*** Block opens ***
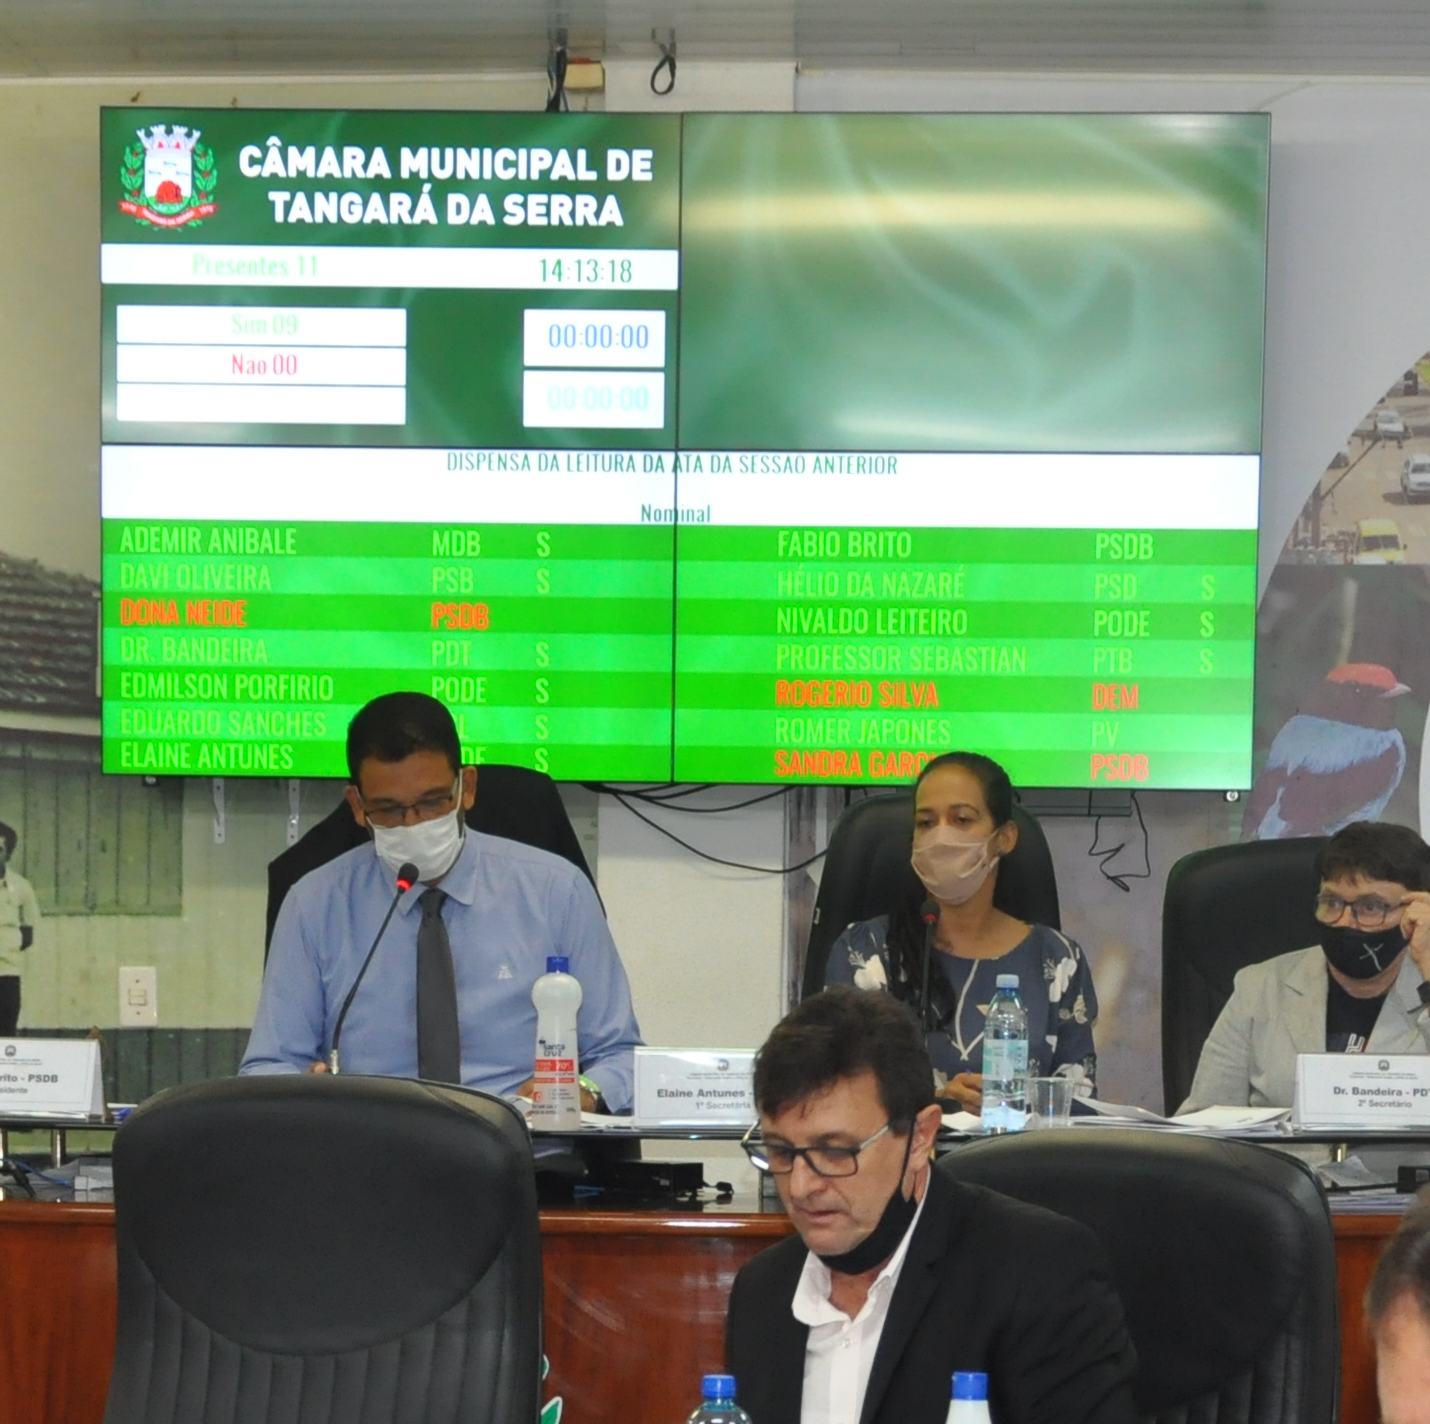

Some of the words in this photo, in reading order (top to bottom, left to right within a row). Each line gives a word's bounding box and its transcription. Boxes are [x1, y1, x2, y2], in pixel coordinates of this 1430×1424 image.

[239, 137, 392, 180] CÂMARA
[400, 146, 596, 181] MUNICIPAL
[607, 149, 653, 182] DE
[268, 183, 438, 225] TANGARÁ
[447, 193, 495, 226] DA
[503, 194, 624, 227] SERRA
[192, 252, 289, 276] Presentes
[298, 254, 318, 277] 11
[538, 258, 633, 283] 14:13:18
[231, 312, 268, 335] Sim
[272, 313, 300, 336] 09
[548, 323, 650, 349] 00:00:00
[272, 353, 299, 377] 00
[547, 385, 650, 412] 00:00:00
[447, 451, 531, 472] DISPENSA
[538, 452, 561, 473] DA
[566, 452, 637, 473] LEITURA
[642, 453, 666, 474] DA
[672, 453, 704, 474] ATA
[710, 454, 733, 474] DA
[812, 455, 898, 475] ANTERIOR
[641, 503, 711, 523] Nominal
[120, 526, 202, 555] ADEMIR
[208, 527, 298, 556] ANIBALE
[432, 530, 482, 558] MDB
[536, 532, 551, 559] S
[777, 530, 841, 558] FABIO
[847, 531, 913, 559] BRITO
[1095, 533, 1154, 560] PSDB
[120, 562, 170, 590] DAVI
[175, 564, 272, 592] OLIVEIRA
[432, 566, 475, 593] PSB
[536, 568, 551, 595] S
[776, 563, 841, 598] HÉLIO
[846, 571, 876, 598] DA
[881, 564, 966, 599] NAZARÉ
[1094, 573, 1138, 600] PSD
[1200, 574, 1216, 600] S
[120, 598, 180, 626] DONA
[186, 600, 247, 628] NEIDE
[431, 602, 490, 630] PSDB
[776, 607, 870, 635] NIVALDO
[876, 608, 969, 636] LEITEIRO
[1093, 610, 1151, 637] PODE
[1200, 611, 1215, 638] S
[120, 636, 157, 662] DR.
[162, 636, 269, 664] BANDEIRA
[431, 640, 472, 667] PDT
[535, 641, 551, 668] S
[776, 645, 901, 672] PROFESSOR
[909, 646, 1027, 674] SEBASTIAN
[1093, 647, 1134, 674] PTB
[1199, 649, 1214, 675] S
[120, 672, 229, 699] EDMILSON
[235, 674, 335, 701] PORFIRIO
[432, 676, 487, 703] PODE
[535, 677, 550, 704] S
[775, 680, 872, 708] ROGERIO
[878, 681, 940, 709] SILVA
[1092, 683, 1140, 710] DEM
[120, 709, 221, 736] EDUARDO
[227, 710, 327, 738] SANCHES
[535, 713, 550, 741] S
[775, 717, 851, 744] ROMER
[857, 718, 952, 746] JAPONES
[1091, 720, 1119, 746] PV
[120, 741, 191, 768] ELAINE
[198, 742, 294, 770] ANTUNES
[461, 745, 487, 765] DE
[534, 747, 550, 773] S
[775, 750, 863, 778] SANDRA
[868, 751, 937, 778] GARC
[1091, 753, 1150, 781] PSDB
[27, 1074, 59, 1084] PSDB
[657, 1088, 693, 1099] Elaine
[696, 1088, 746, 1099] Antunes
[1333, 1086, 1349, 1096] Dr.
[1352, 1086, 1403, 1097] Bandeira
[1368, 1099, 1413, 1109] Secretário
*** Block closes ***
Task item - Wherever the string "PODE" occurs in the records, copy the line it is in.

Result of this exercise -
[1093, 610, 1151, 637] PODE
[432, 676, 487, 703] PODE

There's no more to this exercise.